Event Description
Canada’s labour law model was designed in the 1940s in response to economic, social, and political pressures of that period. The ‘Canadian Wagner model’ worked well enough as a vehicle for facilitating and controlling collective bargaining in those sectors for which it was designed, mainly large scale manufacturing and mining. However, the influence and reach of the Wagner model in the North American private sector has been in decline for decades. Every century reinvents labour law and at nearly the quarter-mark of the 21st century, we are still using a crumbling model designed 80 years ago. Change is coming, that much seems clear. However, there is little agreement on what comes next, ‘after the Wagner model’. In this lecture, Professor Doorey will argue that the future of labour law is unlikely to come in the form of a sudden tsunami that sweeps away the Wagner model and replaces it with something entirely different. Change will come in more subtle forms that ascend and descend from the Wagner model while leaving the basic infrastructure of 20th century labour law mostly in tact.

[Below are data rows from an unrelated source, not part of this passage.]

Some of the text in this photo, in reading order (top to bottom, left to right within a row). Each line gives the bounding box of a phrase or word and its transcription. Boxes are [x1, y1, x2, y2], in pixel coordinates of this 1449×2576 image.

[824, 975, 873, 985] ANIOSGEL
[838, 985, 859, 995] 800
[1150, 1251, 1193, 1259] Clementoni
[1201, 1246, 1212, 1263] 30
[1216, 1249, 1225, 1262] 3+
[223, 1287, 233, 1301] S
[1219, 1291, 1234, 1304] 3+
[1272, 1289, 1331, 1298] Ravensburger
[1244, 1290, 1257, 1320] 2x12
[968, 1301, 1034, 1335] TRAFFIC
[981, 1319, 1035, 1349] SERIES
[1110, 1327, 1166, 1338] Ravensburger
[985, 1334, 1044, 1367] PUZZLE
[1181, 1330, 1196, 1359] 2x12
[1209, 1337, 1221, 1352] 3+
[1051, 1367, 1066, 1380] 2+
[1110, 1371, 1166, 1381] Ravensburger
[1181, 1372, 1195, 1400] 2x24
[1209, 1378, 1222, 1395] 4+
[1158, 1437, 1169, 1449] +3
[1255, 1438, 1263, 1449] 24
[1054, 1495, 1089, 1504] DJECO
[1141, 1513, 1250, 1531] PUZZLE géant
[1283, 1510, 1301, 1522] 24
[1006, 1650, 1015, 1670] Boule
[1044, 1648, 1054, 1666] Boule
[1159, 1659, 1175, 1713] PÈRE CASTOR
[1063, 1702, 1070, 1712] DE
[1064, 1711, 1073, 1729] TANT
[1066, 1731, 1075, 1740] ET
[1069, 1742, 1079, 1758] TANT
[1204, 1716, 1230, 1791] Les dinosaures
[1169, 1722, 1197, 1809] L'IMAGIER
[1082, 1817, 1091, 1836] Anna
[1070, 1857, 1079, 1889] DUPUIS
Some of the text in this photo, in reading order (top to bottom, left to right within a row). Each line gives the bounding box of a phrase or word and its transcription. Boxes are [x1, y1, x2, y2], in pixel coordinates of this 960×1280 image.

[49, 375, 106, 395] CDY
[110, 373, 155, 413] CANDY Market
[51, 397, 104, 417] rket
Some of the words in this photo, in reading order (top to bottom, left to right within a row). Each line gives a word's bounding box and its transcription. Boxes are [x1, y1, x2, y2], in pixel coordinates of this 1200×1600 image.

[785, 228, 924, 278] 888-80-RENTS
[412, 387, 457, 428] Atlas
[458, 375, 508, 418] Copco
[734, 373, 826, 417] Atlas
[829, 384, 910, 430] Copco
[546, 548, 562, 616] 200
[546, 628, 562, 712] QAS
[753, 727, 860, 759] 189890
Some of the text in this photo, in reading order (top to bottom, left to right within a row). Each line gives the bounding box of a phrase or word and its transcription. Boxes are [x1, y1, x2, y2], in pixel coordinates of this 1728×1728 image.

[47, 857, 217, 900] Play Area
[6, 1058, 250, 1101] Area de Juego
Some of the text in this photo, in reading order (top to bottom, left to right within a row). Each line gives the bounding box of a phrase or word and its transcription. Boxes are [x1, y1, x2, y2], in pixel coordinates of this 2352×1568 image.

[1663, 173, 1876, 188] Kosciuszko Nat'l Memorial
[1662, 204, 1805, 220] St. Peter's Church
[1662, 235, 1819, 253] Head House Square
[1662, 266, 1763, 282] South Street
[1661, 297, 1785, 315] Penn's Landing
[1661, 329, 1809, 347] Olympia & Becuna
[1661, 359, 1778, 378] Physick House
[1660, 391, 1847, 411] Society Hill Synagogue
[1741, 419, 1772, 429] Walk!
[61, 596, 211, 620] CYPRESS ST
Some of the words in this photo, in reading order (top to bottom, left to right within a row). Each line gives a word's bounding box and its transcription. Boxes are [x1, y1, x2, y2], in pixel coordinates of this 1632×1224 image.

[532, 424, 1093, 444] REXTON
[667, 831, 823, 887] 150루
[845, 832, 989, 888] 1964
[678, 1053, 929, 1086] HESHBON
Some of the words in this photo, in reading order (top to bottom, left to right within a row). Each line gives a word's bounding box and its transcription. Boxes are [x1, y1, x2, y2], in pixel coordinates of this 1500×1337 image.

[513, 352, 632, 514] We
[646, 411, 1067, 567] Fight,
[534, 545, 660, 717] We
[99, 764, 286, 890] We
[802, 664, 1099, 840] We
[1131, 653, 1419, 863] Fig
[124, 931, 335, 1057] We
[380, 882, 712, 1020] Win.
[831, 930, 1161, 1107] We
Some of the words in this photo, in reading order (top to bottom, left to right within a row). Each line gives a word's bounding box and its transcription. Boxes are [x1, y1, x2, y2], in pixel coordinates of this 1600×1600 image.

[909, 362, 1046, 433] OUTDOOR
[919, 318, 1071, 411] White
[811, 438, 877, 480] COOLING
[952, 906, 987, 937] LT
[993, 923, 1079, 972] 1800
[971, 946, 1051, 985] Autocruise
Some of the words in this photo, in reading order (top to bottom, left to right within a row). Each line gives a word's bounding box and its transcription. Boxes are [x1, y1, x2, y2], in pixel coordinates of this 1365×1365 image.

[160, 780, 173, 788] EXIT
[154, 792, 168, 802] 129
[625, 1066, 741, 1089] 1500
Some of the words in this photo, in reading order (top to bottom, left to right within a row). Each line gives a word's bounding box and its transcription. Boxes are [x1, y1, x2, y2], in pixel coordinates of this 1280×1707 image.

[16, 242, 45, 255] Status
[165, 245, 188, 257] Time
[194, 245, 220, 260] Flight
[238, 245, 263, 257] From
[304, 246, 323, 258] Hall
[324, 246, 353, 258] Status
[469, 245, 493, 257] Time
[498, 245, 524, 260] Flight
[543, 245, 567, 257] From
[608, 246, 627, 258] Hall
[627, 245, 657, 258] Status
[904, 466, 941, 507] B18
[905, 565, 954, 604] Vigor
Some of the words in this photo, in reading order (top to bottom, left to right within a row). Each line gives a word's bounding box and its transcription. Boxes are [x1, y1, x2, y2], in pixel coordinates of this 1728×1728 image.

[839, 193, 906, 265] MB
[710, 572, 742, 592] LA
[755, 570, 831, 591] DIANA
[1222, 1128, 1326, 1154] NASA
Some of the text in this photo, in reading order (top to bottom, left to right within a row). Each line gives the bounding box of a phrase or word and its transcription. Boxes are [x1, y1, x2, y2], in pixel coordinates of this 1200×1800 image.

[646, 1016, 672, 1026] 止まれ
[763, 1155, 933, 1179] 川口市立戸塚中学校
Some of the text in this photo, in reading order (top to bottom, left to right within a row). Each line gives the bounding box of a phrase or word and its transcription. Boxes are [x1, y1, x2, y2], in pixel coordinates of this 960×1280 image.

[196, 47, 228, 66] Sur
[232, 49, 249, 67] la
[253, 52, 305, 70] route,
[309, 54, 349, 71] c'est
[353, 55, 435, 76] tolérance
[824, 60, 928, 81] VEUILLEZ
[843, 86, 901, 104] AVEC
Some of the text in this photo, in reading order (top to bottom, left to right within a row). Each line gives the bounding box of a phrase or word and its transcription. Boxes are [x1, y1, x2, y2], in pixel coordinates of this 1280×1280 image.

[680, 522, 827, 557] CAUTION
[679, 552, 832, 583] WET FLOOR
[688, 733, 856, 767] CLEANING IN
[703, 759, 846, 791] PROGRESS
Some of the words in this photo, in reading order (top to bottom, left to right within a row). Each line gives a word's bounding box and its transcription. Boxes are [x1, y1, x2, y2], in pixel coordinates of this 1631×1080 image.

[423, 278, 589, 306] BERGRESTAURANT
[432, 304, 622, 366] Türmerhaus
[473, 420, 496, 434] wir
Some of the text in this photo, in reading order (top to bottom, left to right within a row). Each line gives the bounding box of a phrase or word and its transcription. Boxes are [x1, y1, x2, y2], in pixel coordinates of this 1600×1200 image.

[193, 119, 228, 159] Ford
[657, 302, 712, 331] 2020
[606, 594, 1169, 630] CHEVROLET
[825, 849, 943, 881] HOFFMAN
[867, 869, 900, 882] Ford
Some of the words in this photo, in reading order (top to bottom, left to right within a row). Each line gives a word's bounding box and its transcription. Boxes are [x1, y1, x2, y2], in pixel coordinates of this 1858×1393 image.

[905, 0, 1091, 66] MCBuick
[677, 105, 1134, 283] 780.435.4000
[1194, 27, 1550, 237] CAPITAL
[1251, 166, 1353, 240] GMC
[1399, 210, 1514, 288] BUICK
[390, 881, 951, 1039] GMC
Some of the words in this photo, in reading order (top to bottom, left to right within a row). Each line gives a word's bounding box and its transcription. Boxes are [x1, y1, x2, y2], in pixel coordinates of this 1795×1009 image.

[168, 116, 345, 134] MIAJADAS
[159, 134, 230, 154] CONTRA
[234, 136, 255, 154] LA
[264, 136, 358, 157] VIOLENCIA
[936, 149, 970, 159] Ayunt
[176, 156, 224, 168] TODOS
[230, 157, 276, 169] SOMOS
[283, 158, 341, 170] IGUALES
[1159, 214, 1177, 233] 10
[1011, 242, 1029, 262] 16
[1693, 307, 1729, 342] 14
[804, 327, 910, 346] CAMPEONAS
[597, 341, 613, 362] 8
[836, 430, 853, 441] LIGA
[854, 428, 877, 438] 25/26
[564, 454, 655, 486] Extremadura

This event qualifies for 1.5 hours of CPD credit.
Speaker
David Doorey is a Professor of Work Law at York University and a Senior Research Associate at Harvard Law School’s Labor and Worklife Program. He served as Academic Director of Osgoode Hall Law School’s specialist LLM program in Labour and Employment Law from 2010-2022 and he was the Canadian representative on Harvard Law School’s Clean Slate for Worker Power project studying the future of U.S. labour law. His research on labour and employment law, legal theory, global labour supply chains, and the intersection of labour and climate change law has been published in leading Canadian and International academic journals. His leading text The Law of Work is used in universities and colleges across Canada, and his Law of Work blog is a multiple recipient of Canadian Law Blog Award as the top law blog in Canada. He is a graduate of Osgoode Hall Law School (LL.B, Ph.D), the London School of Economics (LLM Labour Law), and the University of Toronto (B.A., M.I.R.). Professor Doorey was called to the Bars of Ontario and British Columbia where he practiced labour law before returning to academia.